> [DESCRIPTION OF THE TASK]: Pictures stay out; please output the remaining data exactly.

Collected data
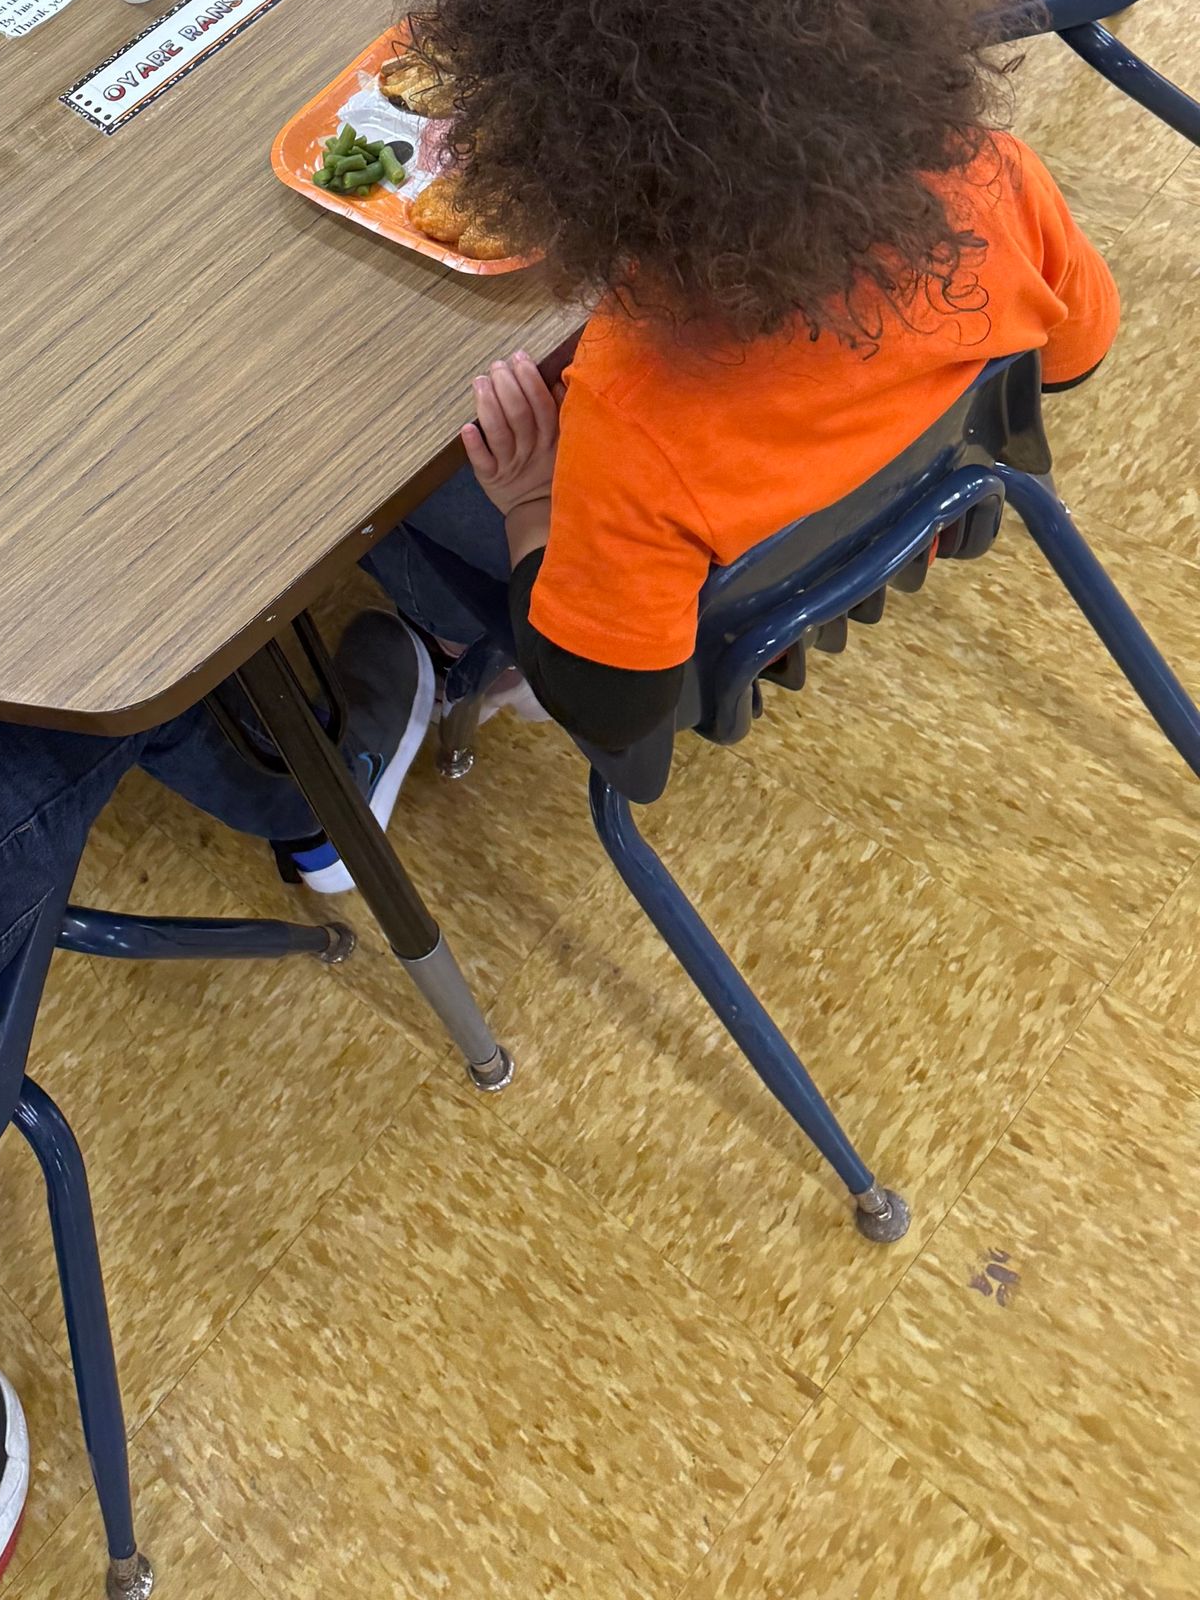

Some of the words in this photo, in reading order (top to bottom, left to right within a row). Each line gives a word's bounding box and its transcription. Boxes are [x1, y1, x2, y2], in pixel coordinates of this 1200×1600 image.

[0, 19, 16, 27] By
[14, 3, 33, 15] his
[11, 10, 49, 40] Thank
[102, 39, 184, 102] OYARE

> [SOLUTION FOR THIS EXERCISE]:
Some of the words in this photo, in reading order (top to bottom, left to right within a row). Each line gives a word's bounding box and its transcription. Boxes are [x1, y1, x2, y2], in pixel coordinates of this 1200×1600 image.

[0, 19, 16, 27] By
[14, 3, 33, 15] his
[11, 10, 49, 40] Thank
[102, 39, 184, 102] OYARE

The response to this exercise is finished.